The Hook
Sacks: Once you have an idea of what your market need is, you develop the product. The thing I look for is what I call the hook — a simple interaction that users will believably engage in.
Sometimes I see entrepreneurs who have a great idea for a market, they've pointed out some inefficiency, but they haven't been able to productize that insight into something people will actually use. The product is too complicated. It doesn't immediately engage people.
What you're looking for is a simple behavior that users will repeatedly engage in. It could be the tweet — a simple status update. Or you push a button and a town car shows up.
The hook is a simple interaction that users will believably engage in. A tweet. A button and a car shows up.
Simple Before Complex
Sacks: The problem with designing a product that doesn't have a hook is that it's very hard to get users to engage in more complicated behaviors if you can't get them to engage in a simple behavior.
Complexifying your product and adding a whole lot of bells and whistles won't necessarily improve it if there's not a core behavior that users are willing to engage in.

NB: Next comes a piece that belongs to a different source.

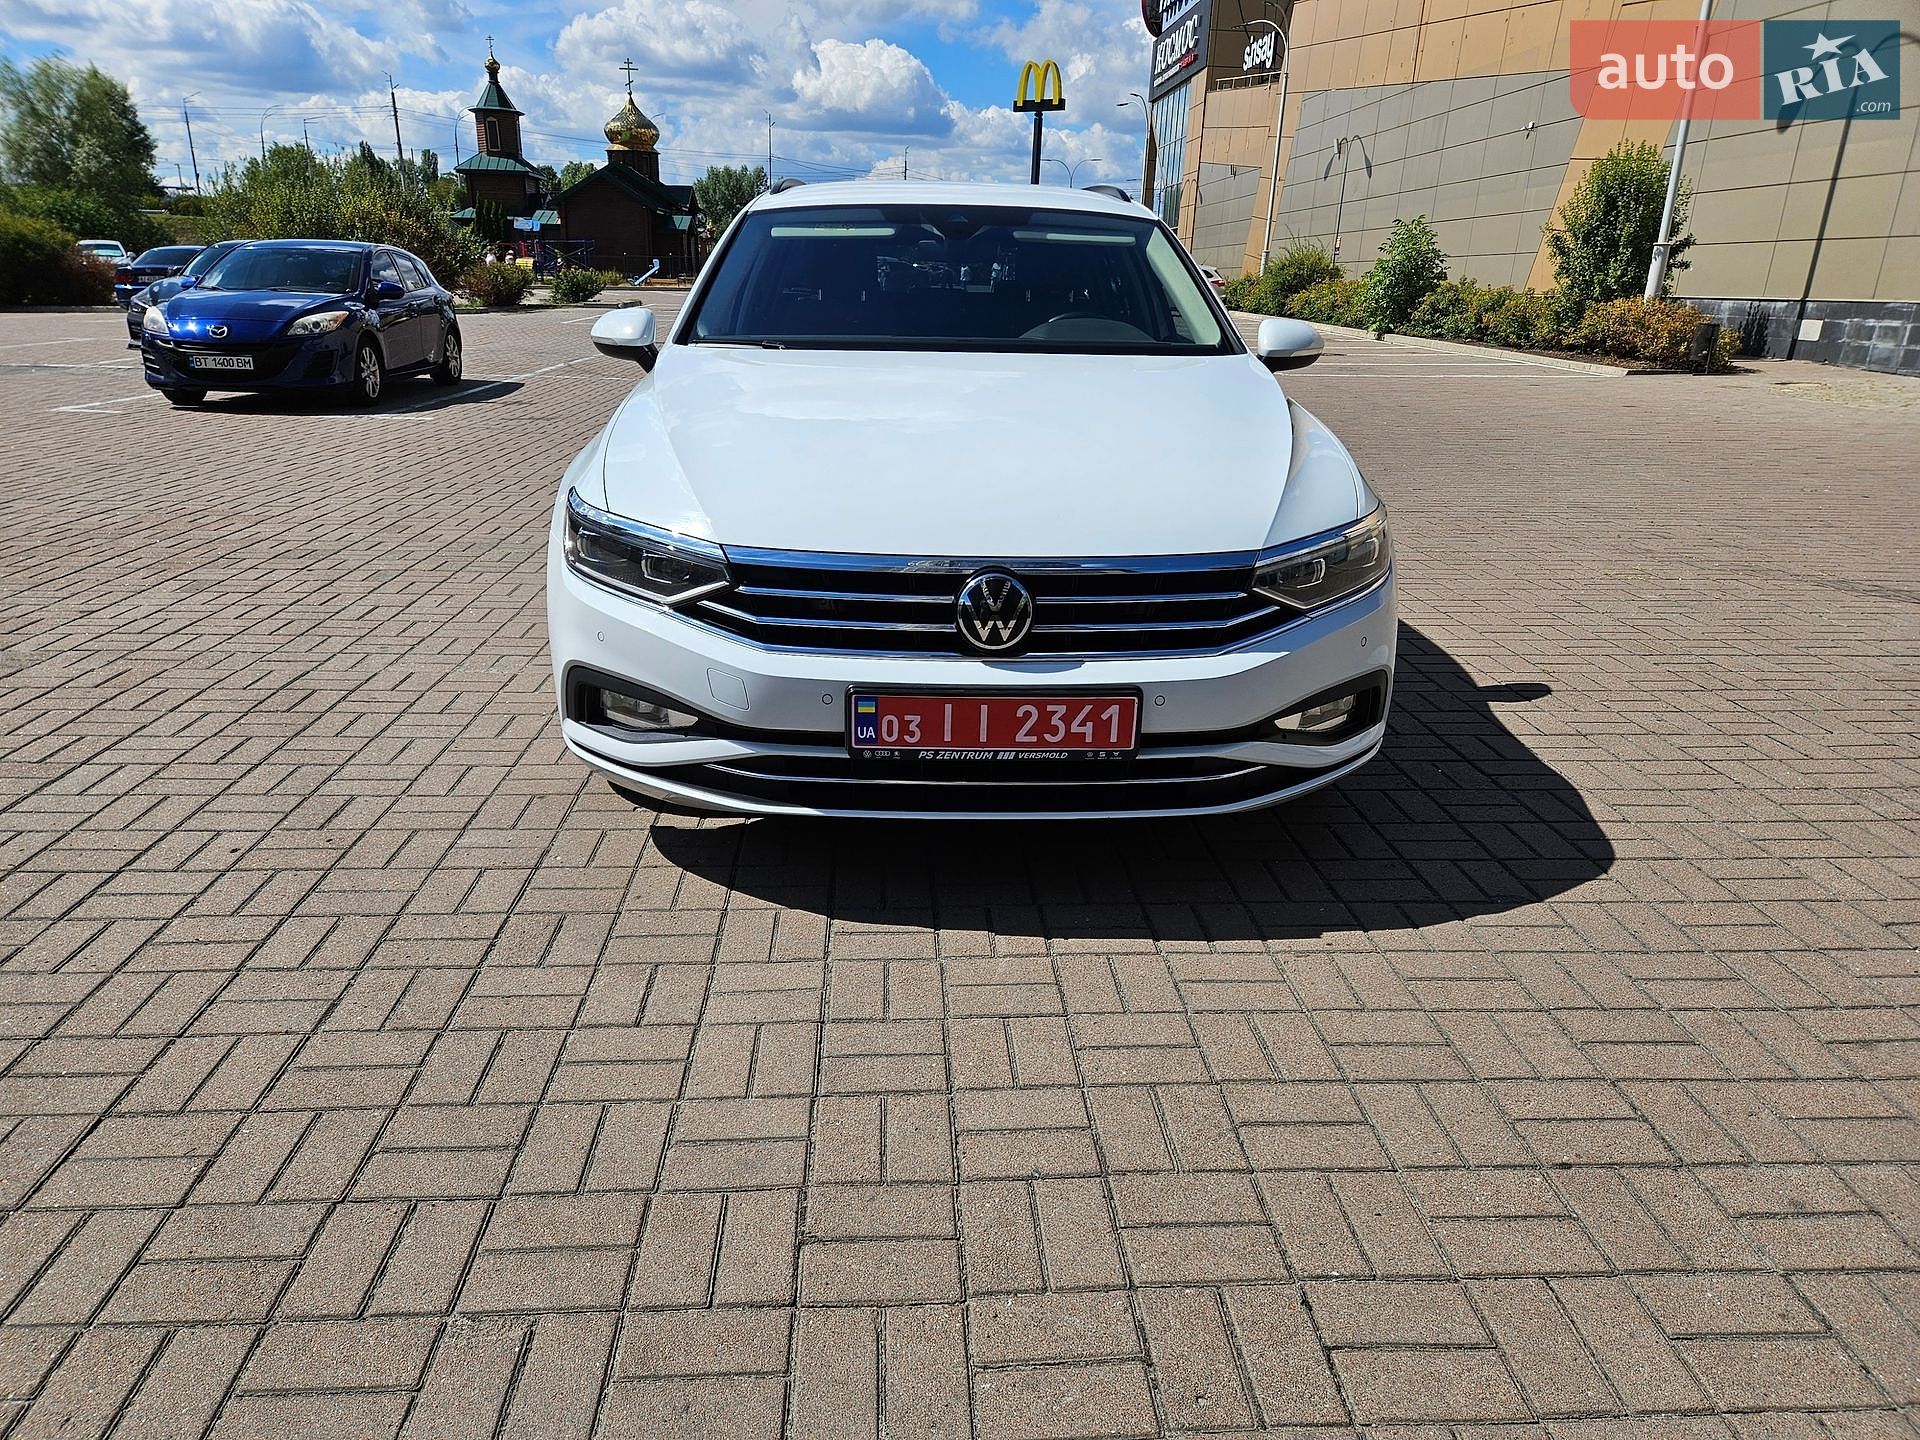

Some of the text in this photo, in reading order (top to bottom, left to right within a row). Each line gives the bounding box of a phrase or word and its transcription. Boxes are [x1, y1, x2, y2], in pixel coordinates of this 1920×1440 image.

If you can't get them to engage in a simple behavior, adding bells and whistles won't help.
Hook Over Market Analysis
Sacks: Sometimes the hook is just explosive — even to the point where the entrepreneurs didn't know what their market need was. Twitter was kind of like that. It just took off. I'm not sure the creators knew they'd be disrupting the news industry. But they felt like people would use the product.
Given a choice between a founder who's discovered a market need versus one that has a great product hook, I would rather take the product hook — even if they still have to figure out what market they're actually disrupting.
This is why entrepreneurial types tend not to be the super analytical McKinsey consultants or Harvard MBAs. It's the more eclectic, idiosyncratic entrepreneurs who figure this stuff out — because they're able to build a product that has a hook and gets traction.
Given a choice between a market need and a great product hook, I'd take the hook every time.